Heart attack

Thursday, December 16, 2010

Working In Theatre- Part 2

I've decided it will be best to break these autobiographical musings into 'parts', as it will be easier to read if it's in installments. I'm saving them before they 'go live' as a lot of what I'm writing was around 40 years ago and I'm really stretching the powers of memory to put in all the little details I want to.

I mentioned in the first installments the basics of putting on a play, from the first read-through to First Night. Those technical rehearsals I remember could sometimes go on into the wee small hours of the following day, and the efforts we went to to get the lighting, sound cues and scene changes right were all part of stage management's job description. You had to be able to merely merge with the scenery in some instances, and be very efficient with the scene changes, moving around back-stage as if you weren't there. It was no good being clumsy and noisy as you moved around back-stage, so as not to distract the actors on stage, or to spoil the show for the audience.

In those days we were expected to not only fulfill our stage management duties, but to also do the occasional small part. Generally, in some productions, we would be merely used as 'extras' or 'walk-on's', somewhat in the same way as 'Walk-Ons' or 'Supporting Artistes' are used in television and film productions.  In theatre this is usually referred to as "Spear-Carrying" as you might be on stage in, say, a Shakespeare production literally carrying a spear in the background. I hadn't been at Cheltenham long before I had to appear on stage in the production which followed on from "Jane Eyre", a production of "A Winter's Tale" by William Shakespeare. We had to fill up various scenes in the background as shepherds or something similar, and you soon learned to stand absolutely still in the background so as not to 'up-stage' the actors by fidgeting or scratching your nose at an inappropriate moment! 

Towards the end of the season, just before Christmas that year, they staged another Shakespere production, this time "Romeo and Juliet" and we were called upon to appear on stage during the opening scene, a street in Verona or somewhere or other, and had to fight with staves during the feuding between the Montagues and the Capulets. We were rehearsed with a fight arranger and assimilated into the action, but it was quite a feat not to get your hands hit by the guy I was supposed to be fighting with using the staves! There was another production I was in, called "They Don't Grow On Trees." Myself and the other A.S.M. were cast as 'men from the lunatic asylum'  (to perhaps be a little more politically correct these days 'mental health unit.') The concept of the play was that this couple was advertising for a nanny or au pair to look after their children, and the actress at the centre of the action (played by Vivienne Ross) played about a dozen different characters, including this character who had escaped from a mental health institution. We were supposed to rush in and 'arrest' her and cart her off in an ambulance to the hospital. I actually had lines, but unfortunately the audience laughed so much I wasn't ever heard! The character jumps out of the window to make her entrance, and I think we had to follow! At one point during the action she had to go off stage to make a costume change, so another member of stage management was dressed in identical costume and hid behind the sofa so as to make the exit. I don't know whether the audience guessed that there was a double involved in all this!
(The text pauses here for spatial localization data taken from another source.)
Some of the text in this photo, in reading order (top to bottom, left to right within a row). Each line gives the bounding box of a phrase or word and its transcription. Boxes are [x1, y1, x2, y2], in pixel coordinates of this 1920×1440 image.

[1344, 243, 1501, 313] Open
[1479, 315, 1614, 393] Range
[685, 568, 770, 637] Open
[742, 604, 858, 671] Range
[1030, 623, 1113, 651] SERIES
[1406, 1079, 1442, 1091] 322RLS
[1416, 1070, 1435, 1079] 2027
I'm really trying to remember exactly what plays were in the season when I was at the Everyman. I have mentioned four plays, "Jane Eyre", "A Winter's Tale", "Romeo and Juliet" and "They Don't Grow On Trees." Others included "Spring and Port Wine", "Hedda Gabler", "A Day In The Death Of Joe Egg," "The Circle",   "Salad Days" (which replaced "The Country Wife" as it was going to cost to much to stage, due to wigs and costumes.) and "The Lady Of The Camellias." There was a World Premiere, of a play by a playwright called John Peacock, "The Children Of The Wolf."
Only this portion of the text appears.